Meet Beverly Motley
Beverly Motley is Regional Director of Breakthrough Performance Group (BPG) with responsibility for Cleveland, Central Ohio and remaining Northeast Ohio cities. Ask Beverly what excites and energizes her, she’ll tell you “Solving problems, lifelong learning and Lean Six Sigma.”
Solving Problems: Bev has been solving problems as a Consultant and Project Manager for more than ten years. Click here to learn more about her career as an Independent Consultant and Project Manager.
Lifelong Learning: Bev has an impressive list of life-long learning credits. In addition to the Lean Six Sigma Black Belt (LSSBB) certification she earned in 2011 (after training with BPG founder Paul Gormas), Beverly:
- has a Bachelor’s Degree in Finance
- a Master’s Degree in Health/Hospital Administration
- a Paralegal Professional Certification with specialties in Healthcare, Employment and Contracts
- has Certifications in Compensation and International Global Remuneration
- Licensed Insurance in 26 states and
- expects to earn her Project Management Professional (PMP) Certification in 2019.
What Beverly wants her BPG students to know about getting the most of out their LSS training:
- Be able to articulate and provide a definition of Six Sigma succinctly (15 words or fewer). Bev’s succinct definition: “Six Sigma is a data driven, problem solving methodology that improves performance. “ Bev further emphasizes LSS’s can be applied to any problem and used across all industries.
- Work as many projects, both paid and unpaid, as soon as your BPG Lean Six Sigma training is completed. She says: “By engaging the problem-solving methodology quickly and consistently, your aptitude and skill in using diverse Six Sigma tools will improve. Your time to complete a project will become more efficient and improve as well.”

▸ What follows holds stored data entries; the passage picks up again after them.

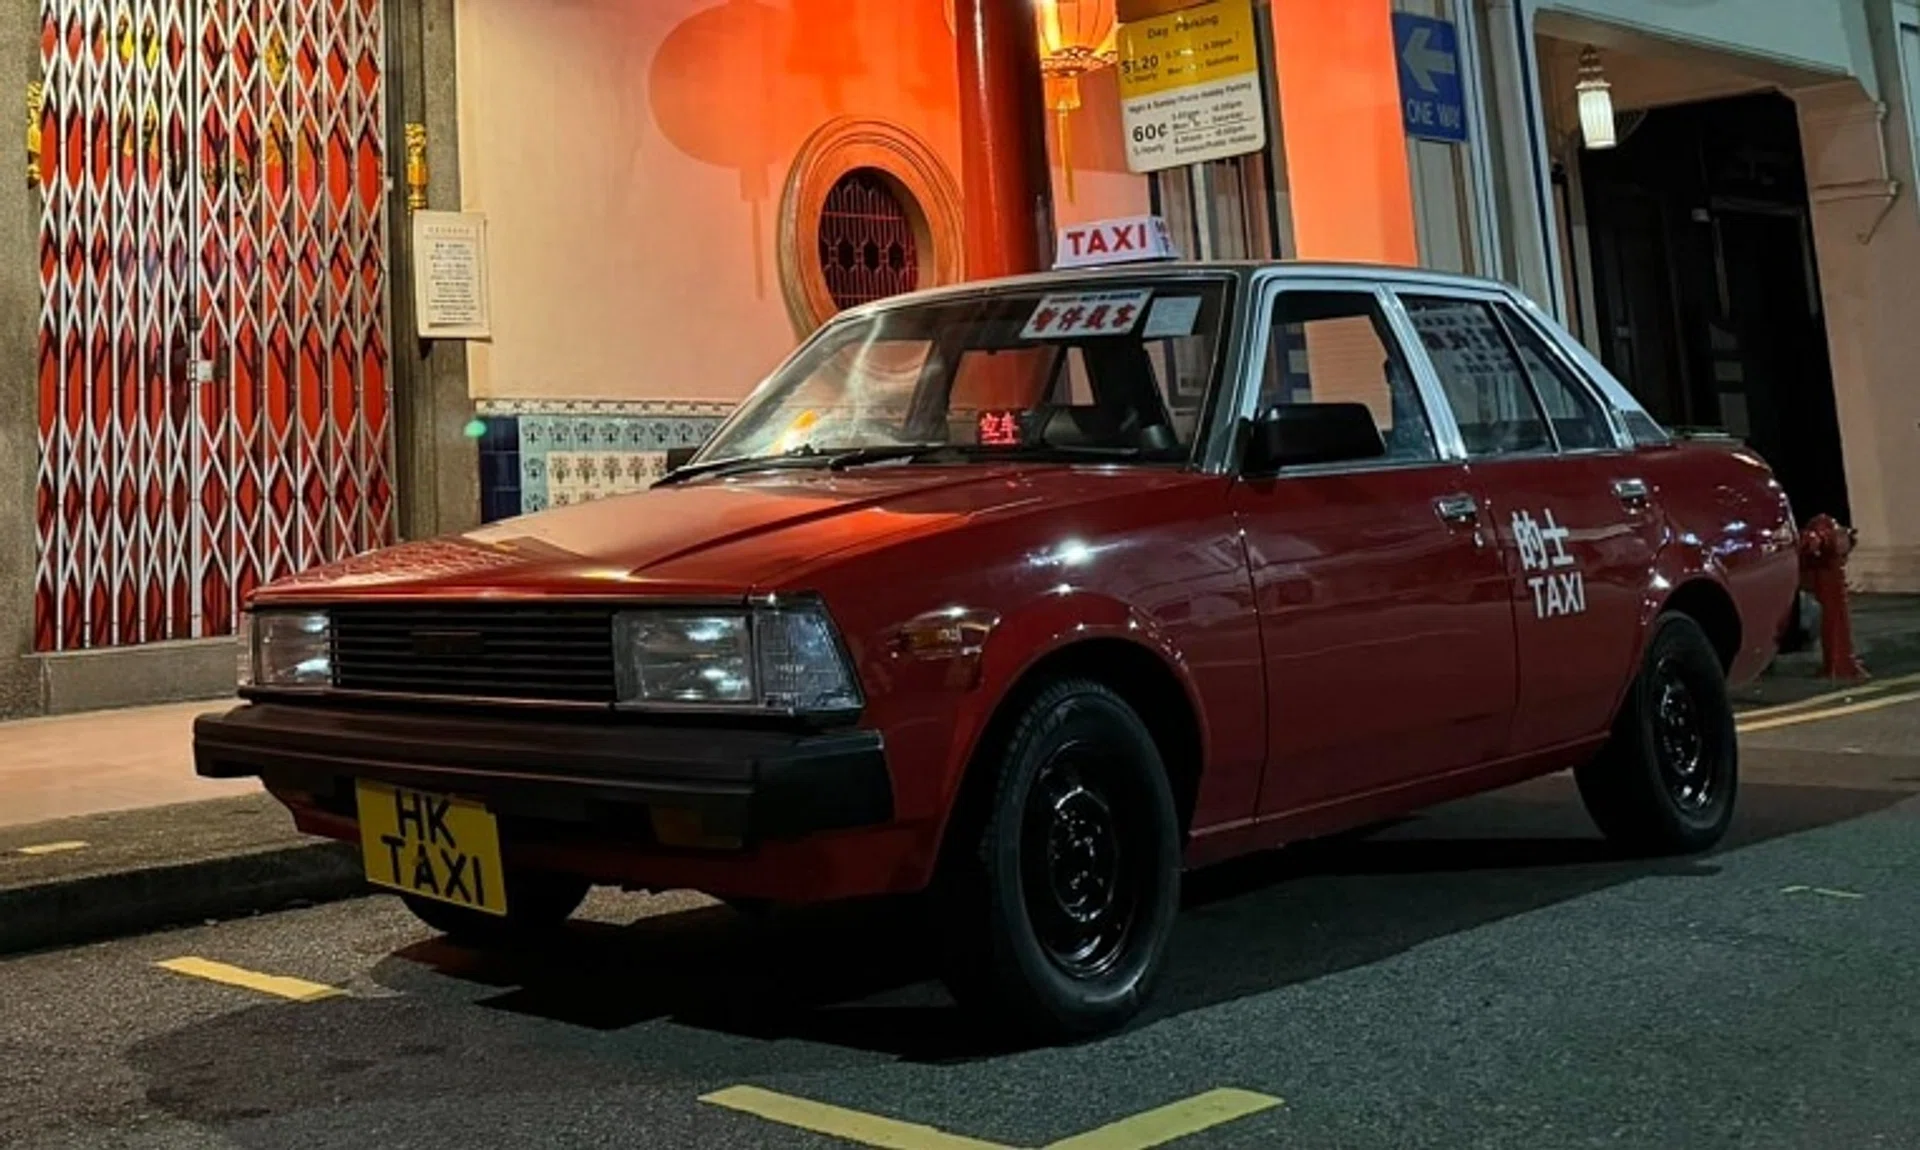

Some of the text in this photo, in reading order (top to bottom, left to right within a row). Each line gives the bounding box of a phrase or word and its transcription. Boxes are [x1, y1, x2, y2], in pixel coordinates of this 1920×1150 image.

[1147, 15, 1218, 39] Day Parking
[1067, 223, 1147, 256] TAXI
[1511, 508, 1574, 570] 的士
[1528, 571, 1586, 619] TAXI
[395, 788, 457, 850] HK
[380, 834, 484, 906] TAXI

- Be excited about solving a problem and never turn down a project. “Volunteer to solve a problem at work, during play, or a hobby or community activity to gain experience using Lean Six Sigma tools.” Here are some suggestions for identifying a volunteer projects:
- Use data (i.e. customer surveys) to identify a pain point.
- Chase the worst first and evaluate the worst first.

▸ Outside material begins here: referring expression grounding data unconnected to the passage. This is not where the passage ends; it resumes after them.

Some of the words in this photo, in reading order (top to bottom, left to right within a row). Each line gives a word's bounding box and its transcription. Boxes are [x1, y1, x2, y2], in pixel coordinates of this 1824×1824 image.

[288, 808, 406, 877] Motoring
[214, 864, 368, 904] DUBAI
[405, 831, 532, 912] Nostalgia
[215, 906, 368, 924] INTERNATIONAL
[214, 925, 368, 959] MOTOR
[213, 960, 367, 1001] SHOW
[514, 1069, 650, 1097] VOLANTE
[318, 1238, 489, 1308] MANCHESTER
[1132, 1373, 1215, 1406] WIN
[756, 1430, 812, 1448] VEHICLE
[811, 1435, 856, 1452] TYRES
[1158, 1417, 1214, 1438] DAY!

- If you are job hunting, ask during an interview “What are your top two pain points (e.g. frustrations)? What keeps you up at night?” Then volunteer to solve a problem using the LSS skills learned. Companies love employees who are problem solvers, critical thinkers, intellectually curious with goals of saving money, increasing revenue while enhancing process efficiency.
- Create your personal Lean Six Sigma (LSS) tool box based on the types of problems you will typically need to solve. About 90% of Bev’s consulting work is in business operations. Her standard tool box consists of the following nine tools that she uses across all projects: Project Charter, Executive Summary, Voice of the Customer, SWOT analysis; Value Stream Mapping, Defects Per Million Opportunities (DPMO), Cost of Poor Quality, Control and Pareto Charts. The tools help Bev define, measure, analyze, and improve her clients’ operations. She adds tools as needed based on the pain point or type of problem to be solved.
What Real-World Experiences she shares with her students? Beverly considers Value Stream Mapping (VSM) one of the most powerful tools in her toolbox. She often shares two projects where VSM exposed the root cause of problems.
In the first experience, a large telecommunications leader had a metric of installing telephone and cable equipment for new accounts in 45 days or less. The metric was consistently missed: The actual time for processing new orders was 60-100 days. Beverly used interview and observation tools to understand the Voice of the Employee and VSM to identify and evaluate all the steps in each department’s process. Departments involved included Sales, Order Entry, Provisioning, Legal, and Technical Support. Her work revealed numerous extraneous and multiple steps that created bottlenecks and delays. After eliminating non-value added steps and making other adjustments to the workflow, the company was able to consistently meet its 45-day installation metric.
The second project was more complicated. It involved workarounds — manual solutions that employees create to perform their work due to budget, cost or IT constraints. Every company has workarounds – without knowing the extent of internal costs. A large insurance leader assessing one product line wanted to identify and eliminate workarounds they thought were contributing to high costs. Beverly identified, mapped, and costed 68 workarounds for that single product line. As a result of her work, the company replaced the manual, labor intensive workarounds with IT solutions – and saved $38 million dollars.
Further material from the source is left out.